---------- Data
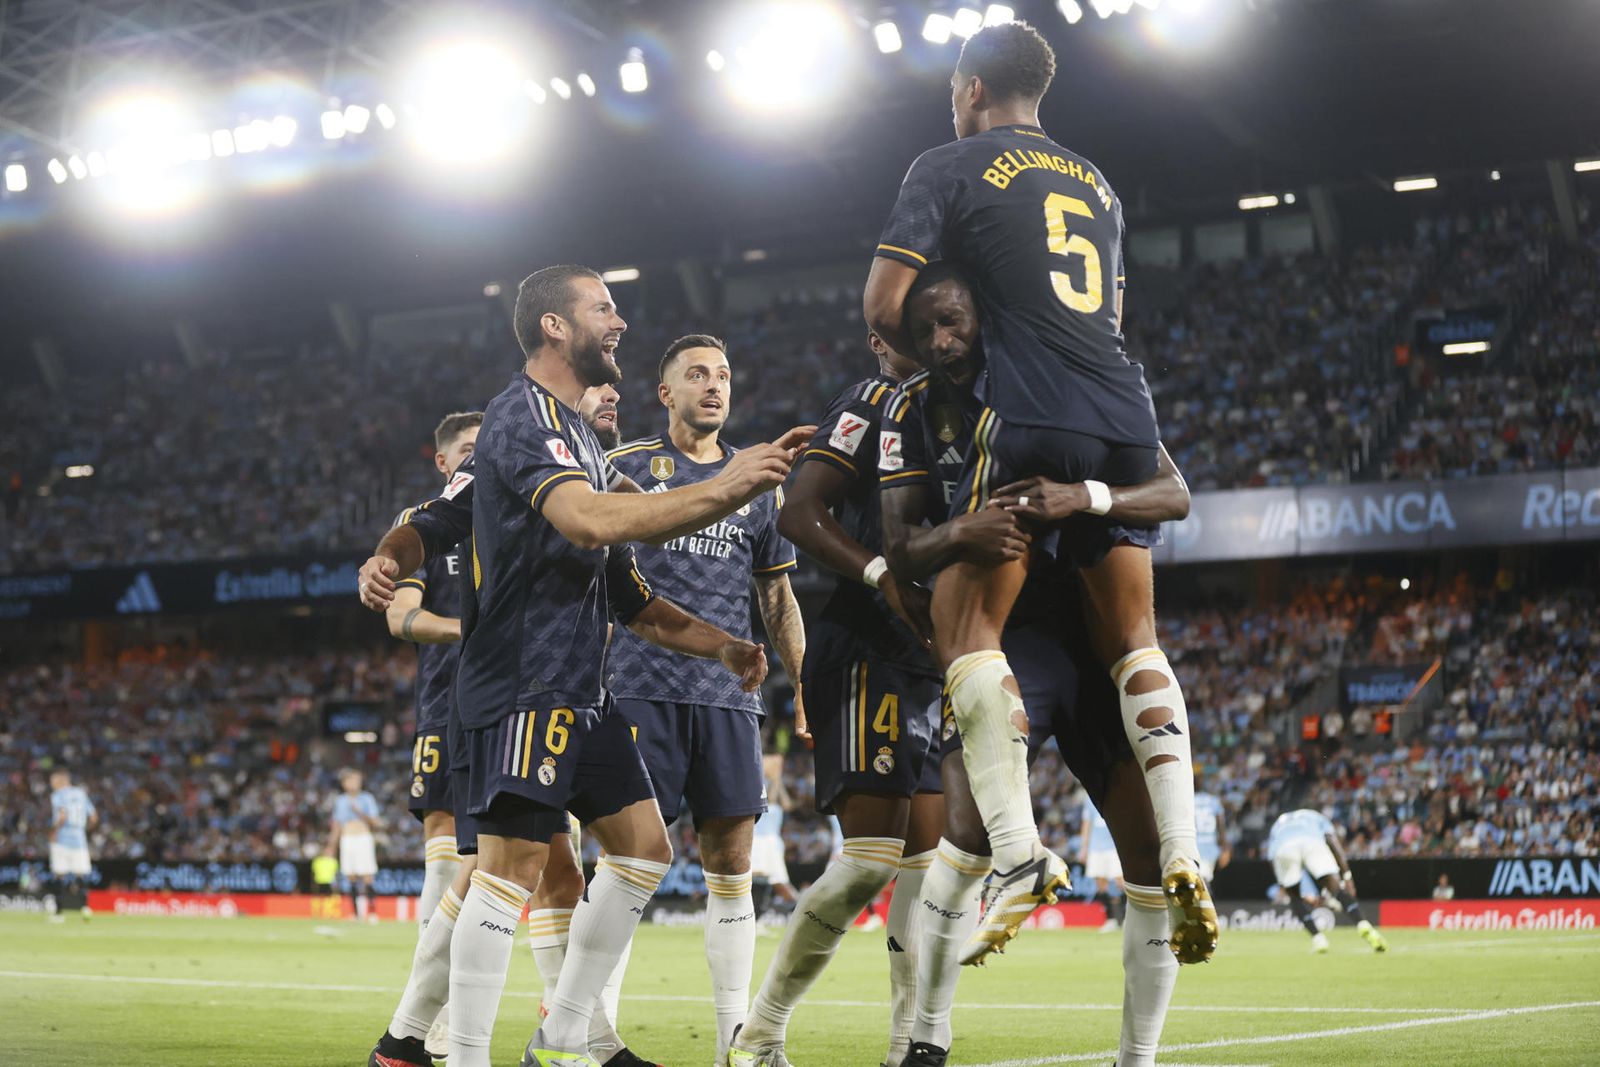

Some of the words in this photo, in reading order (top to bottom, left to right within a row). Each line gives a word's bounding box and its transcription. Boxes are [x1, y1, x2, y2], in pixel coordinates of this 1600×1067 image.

[982, 149, 1112, 212] BELLINGHAM
[1044, 192, 1103, 314] 5
[688, 536, 732, 558] BETTER
[545, 707, 575, 755] 6
[872, 693, 900, 742] 4
[413, 735, 441, 774] 15
[923, 900, 968, 919] RMCF
[1429, 908, 1513, 931] Estrella
[1516, 907, 1596, 930] Galicia
--------------------
Without the pictures, give the entries above back exactly.

The completed task:
Some of the words in this photo, in reading order (top to bottom, left to right within a row). Each line gives a word's bounding box and its transcription. Boxes are [x1, y1, x2, y2], in pixel coordinates of this 1600×1067 image.

[982, 149, 1112, 212] BELLINGHAM
[1044, 192, 1103, 314] 5
[688, 536, 732, 558] BETTER
[545, 707, 575, 755] 6
[872, 693, 900, 742] 4
[413, 735, 441, 774] 15
[923, 900, 968, 919] RMCF
[1429, 908, 1513, 931] Estrella
[1516, 907, 1596, 930] Galicia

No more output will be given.